Articulating his proposal for health care reform, former Vice President Joe Biden emphasized the number of Americans who, he said, were more than perfectly satisfied with the coverage they have.
“One hundred sixty million people like their private insurance,” Biden said during the November Democratic presidential primary debate.
That argument is at the heart of many moderate Democrats’ criticism of the “Medicare for All” proposal backed by Sens. Bernie Sanders (I-Vt.) and Elizabeth Warren (D-Mass.). We decided to take a closer look.
We reached out to the Biden campaign for comment. The campaign directed us to his next point — that people who don’t like their private coverage could, under his health plan, opt into government-sponsored coverage.
160 Million, And Some Squishy Polling
The figure appears to refer to the number of Americans who receive health benefits through work — so-called employer-sponsored health insurance. Under Medicare for All that would no longer be an option.
On first blush, polling seems to suggest that most people with employer-sponsored coverage like it.
Polling done earlier this year by the Kaiser Family Foundation with the Los Angeles Times found that most beneficiaries are “generally satisfied” with this insurance. (Kaiser Health News is an editorially independent program of the foundation.)

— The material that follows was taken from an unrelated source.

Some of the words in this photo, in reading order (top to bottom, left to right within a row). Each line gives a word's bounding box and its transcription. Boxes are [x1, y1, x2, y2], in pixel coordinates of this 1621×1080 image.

But that doesn’t get at the whole story.
“Most like their policy, but not all,” said Robert Blendon, a health care pollster at Harvard T.H. Chan School of Public Health.
The context matters.
In the same KFF/L.A. Times poll, about 40% of people with employer-sponsored coverage said they had trouble paying medical bills, out-of-pocket costs or premiums. About half indicated going without or delaying health care because — even with this coverage — it was unaffordable. And about 17% reported making “difficult sacrifices” to pay for health care.
Beneficiaries who have higher-deductible plans — that is, they are required to pay larger sums of out-of-pocket before health coverage kicks in — are also less likely to be happy with their coverage, and more likely to report problems paying for health care.

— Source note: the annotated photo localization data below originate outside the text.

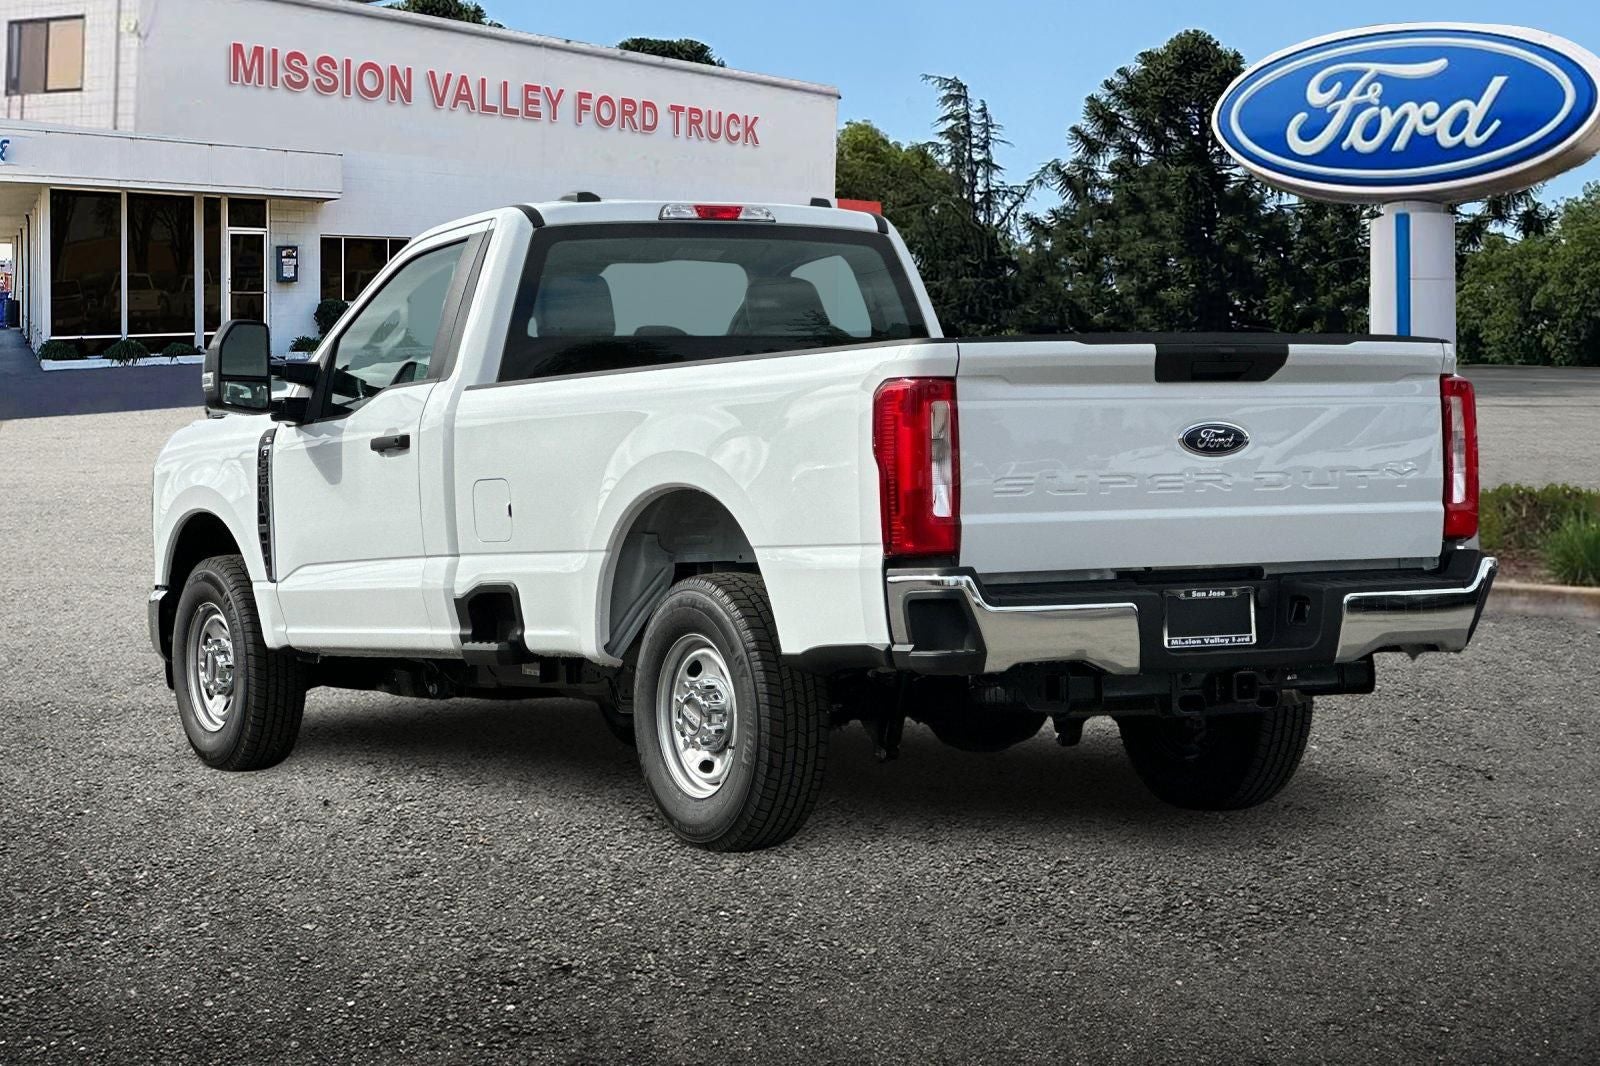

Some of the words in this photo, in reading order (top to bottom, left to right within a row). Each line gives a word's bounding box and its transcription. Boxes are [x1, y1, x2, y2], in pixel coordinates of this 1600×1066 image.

[229, 40, 413, 105] MISSION
[427, 68, 565, 122] VALLEY
[574, 89, 660, 135] FORD
[668, 103, 761, 147] TRUCK
[1286, 57, 1509, 156] Ford
[1196, 428, 1235, 449] Ford
[992, 471, 1233, 498] SUPER
[1253, 461, 1419, 491] DUTY

And it’s also worth noting that these high-deductible plans have grown increasingly common, even for the 160 million Americans who get insurance from work, though that trend may now be losing steam. Research from the Commonwealth Fund, meanwhile, notes that increasing numbers of “underinsured” people do, in fact, have employer-sponsored health insurance. Underinsured people are those who have coverage but delay care because they still can’t afford it.

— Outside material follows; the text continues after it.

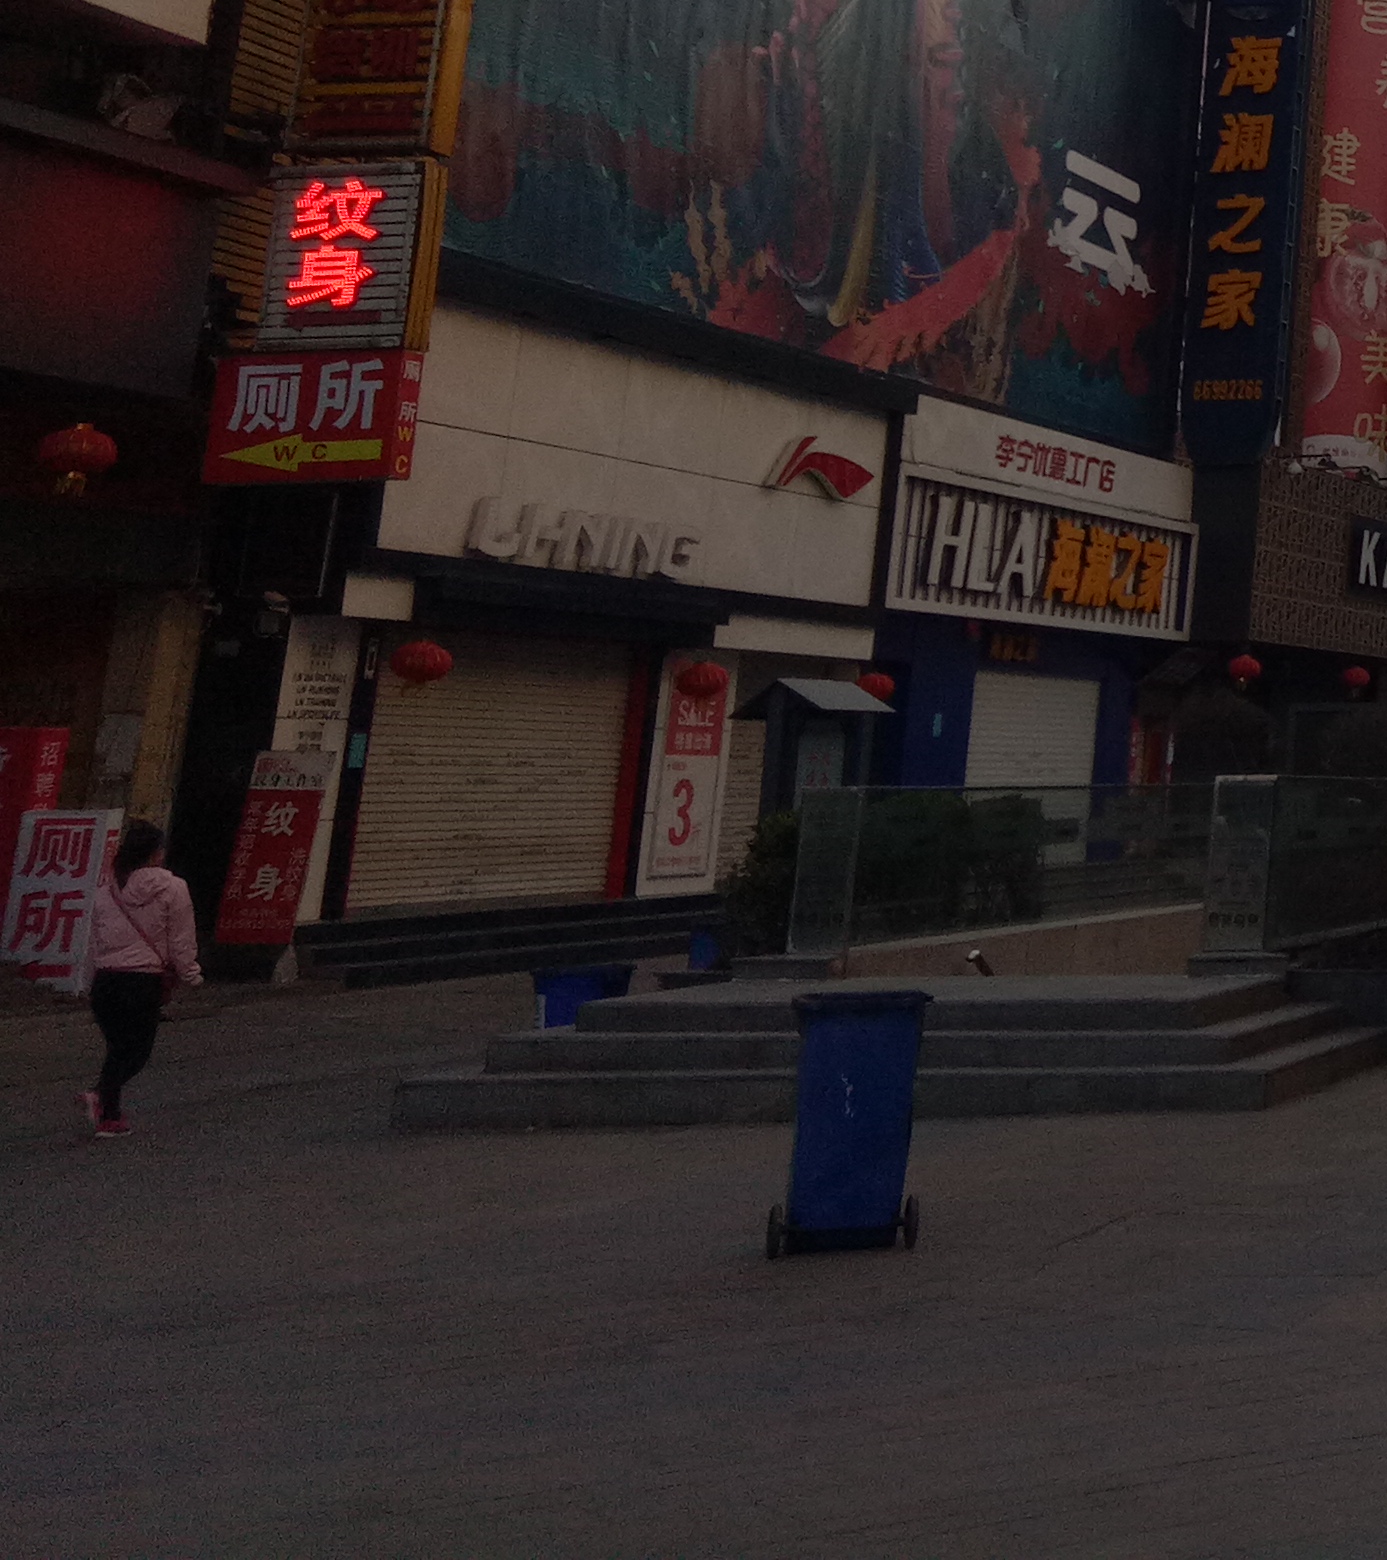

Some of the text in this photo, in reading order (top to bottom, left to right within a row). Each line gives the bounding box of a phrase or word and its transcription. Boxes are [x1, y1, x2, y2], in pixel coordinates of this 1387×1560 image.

Meanwhile, other polling, such as a January Gallup survey, suggests that about 7 in 10 Americans believe the nation’s health care system is in crisis.
So while Americans may individually not express frustration with their specific private plans, more are learning that, when they try to use that coverage, it doesn’t meet their health needs.
These findings cast significant shade on the idea that all 160 million Americans with employer-sponsored coverage actually like it.
Our Ruling
Biden argued that “160 million people like their private insurance.”
A cursory look at polling would suggest that most of the people he’s talking about — Americans who get coverage through work — are happy with their plans.
But once you dig a little deeper, that narrative gets more complicated. Even while Americans say they like their plans, large proportions indicate that the private coverage they have still leaves meaningful gaps, requiring them to skip or delay health care because they cannot afford it.
Biden’s argument is technically correct, but it leaves out important context and relies on a somewhat squishy number. We rate it Half True.